• EXERCISE BRIEF:
Each entry that follows needs to be written out exactly, with nothing left out.

(Spatial localization data)
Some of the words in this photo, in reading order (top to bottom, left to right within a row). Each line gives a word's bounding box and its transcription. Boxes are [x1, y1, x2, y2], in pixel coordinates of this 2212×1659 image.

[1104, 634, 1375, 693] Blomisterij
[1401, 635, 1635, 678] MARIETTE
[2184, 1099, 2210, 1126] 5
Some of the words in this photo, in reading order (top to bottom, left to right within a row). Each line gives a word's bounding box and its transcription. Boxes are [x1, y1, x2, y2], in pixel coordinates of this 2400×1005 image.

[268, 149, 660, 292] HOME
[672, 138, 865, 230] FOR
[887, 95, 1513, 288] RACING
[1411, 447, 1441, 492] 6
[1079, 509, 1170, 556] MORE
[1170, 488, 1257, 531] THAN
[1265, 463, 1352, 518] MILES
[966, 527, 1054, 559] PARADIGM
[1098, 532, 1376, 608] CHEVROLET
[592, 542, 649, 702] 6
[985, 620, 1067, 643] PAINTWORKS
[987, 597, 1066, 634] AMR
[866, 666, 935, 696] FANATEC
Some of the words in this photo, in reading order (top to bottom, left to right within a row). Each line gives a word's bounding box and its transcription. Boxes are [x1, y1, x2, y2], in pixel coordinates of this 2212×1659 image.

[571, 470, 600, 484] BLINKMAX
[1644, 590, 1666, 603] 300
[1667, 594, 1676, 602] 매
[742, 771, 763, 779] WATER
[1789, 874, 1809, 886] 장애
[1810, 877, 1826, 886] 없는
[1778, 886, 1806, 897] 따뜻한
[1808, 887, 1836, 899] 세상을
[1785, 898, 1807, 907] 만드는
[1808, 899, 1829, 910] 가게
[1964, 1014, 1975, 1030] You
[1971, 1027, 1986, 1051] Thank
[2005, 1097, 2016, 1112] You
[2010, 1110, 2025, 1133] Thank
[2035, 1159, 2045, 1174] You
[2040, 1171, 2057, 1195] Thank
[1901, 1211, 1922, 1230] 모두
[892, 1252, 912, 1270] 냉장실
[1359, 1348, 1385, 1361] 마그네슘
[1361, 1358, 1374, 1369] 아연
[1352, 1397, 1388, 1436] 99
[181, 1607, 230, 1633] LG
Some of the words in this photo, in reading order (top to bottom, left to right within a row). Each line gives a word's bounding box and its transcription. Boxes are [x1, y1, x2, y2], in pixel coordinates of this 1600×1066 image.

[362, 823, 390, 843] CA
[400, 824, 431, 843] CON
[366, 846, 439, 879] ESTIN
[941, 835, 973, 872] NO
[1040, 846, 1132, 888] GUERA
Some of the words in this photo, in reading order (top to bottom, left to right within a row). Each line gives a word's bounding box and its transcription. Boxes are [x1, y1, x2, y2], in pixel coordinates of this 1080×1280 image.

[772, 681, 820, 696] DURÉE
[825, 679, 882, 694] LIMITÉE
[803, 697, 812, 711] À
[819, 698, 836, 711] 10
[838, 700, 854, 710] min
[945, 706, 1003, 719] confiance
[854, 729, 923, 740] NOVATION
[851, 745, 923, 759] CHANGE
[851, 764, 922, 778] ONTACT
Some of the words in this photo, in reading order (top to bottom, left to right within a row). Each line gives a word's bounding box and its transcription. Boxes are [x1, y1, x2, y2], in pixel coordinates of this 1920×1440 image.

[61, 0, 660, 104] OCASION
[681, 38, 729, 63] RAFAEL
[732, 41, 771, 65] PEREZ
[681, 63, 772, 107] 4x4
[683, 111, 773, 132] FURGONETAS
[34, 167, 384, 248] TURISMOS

• RESULT:
Some of the words in this photo, in reading order (top to bottom, left to right within a row). Each line gives a word's bounding box and its transcription. Boxes are [x1, y1, x2, y2], in pixel coordinates of this 2212×1659 image.

[1104, 634, 1375, 693] Blomisterij
[1401, 635, 1635, 678] MARIETTE
[2184, 1099, 2210, 1126] 5
Some of the words in this photo, in reading order (top to bottom, left to right within a row). Each line gives a word's bounding box and its transcription. Boxes are [x1, y1, x2, y2], in pixel coordinates of this 2400×1005 image.

[268, 149, 660, 292] HOME
[672, 138, 865, 230] FOR
[887, 95, 1513, 288] RACING
[1411, 447, 1441, 492] 6
[1079, 509, 1170, 556] MORE
[1170, 488, 1257, 531] THAN
[1265, 463, 1352, 518] MILES
[966, 527, 1054, 559] PARADIGM
[1098, 532, 1376, 608] CHEVROLET
[592, 542, 649, 702] 6
[985, 620, 1067, 643] PAINTWORKS
[987, 597, 1066, 634] AMR
[866, 666, 935, 696] FANATEC
Some of the words in this photo, in reading order (top to bottom, left to right within a row). Each line gives a word's bounding box and its transcription. Boxes are [x1, y1, x2, y2], in pixel coordinates of this 2212×1659 image.

[571, 470, 600, 484] BLINKMAX
[1644, 590, 1666, 603] 300
[1667, 594, 1676, 602] 매
[742, 771, 763, 779] WATER
[1789, 874, 1809, 886] 장애
[1810, 877, 1826, 886] 없는
[1778, 886, 1806, 897] 따뜻한
[1808, 887, 1836, 899] 세상을
[1785, 898, 1807, 907] 만드는
[1808, 899, 1829, 910] 가게
[1964, 1014, 1975, 1030] You
[1971, 1027, 1986, 1051] Thank
[2005, 1097, 2016, 1112] You
[2010, 1110, 2025, 1133] Thank
[2035, 1159, 2045, 1174] You
[2040, 1171, 2057, 1195] Thank
[1901, 1211, 1922, 1230] 모두
[892, 1252, 912, 1270] 냉장실
[1359, 1348, 1385, 1361] 마그네슘
[1361, 1358, 1374, 1369] 아연
[1352, 1397, 1388, 1436] 99
[181, 1607, 230, 1633] LG
Some of the words in this photo, in reading order (top to bottom, left to right within a row). Each line gives a word's bounding box and its transcription. Boxes are [x1, y1, x2, y2], in pixel coordinates of this 1600×1066 image.

[362, 823, 390, 843] CA
[400, 824, 431, 843] CON
[366, 846, 439, 879] ESTIN
[941, 835, 973, 872] NO
[1040, 846, 1132, 888] GUERA
Some of the words in this photo, in reading order (top to bottom, left to right within a row). Each line gives a word's bounding box and its transcription. Boxes are [x1, y1, x2, y2], in pixel coordinates of this 1080×1280 image.

[772, 681, 820, 696] DURÉE
[825, 679, 882, 694] LIMITÉE
[803, 697, 812, 711] À
[819, 698, 836, 711] 10
[838, 700, 854, 710] min
[945, 706, 1003, 719] confiance
[854, 729, 923, 740] NOVATION
[851, 745, 923, 759] CHANGE
[851, 764, 922, 778] ONTACT
Some of the words in this photo, in reading order (top to bottom, left to right within a row). Each line gives a word's bounding box and its transcription. Boxes are [x1, y1, x2, y2], in pixel coordinates of this 1920×1440 image.

[61, 0, 660, 104] OCASION
[681, 38, 729, 63] RAFAEL
[732, 41, 771, 65] PEREZ
[681, 63, 772, 107] 4x4
[683, 111, 773, 132] FURGONETAS
[34, 167, 384, 248] TURISMOS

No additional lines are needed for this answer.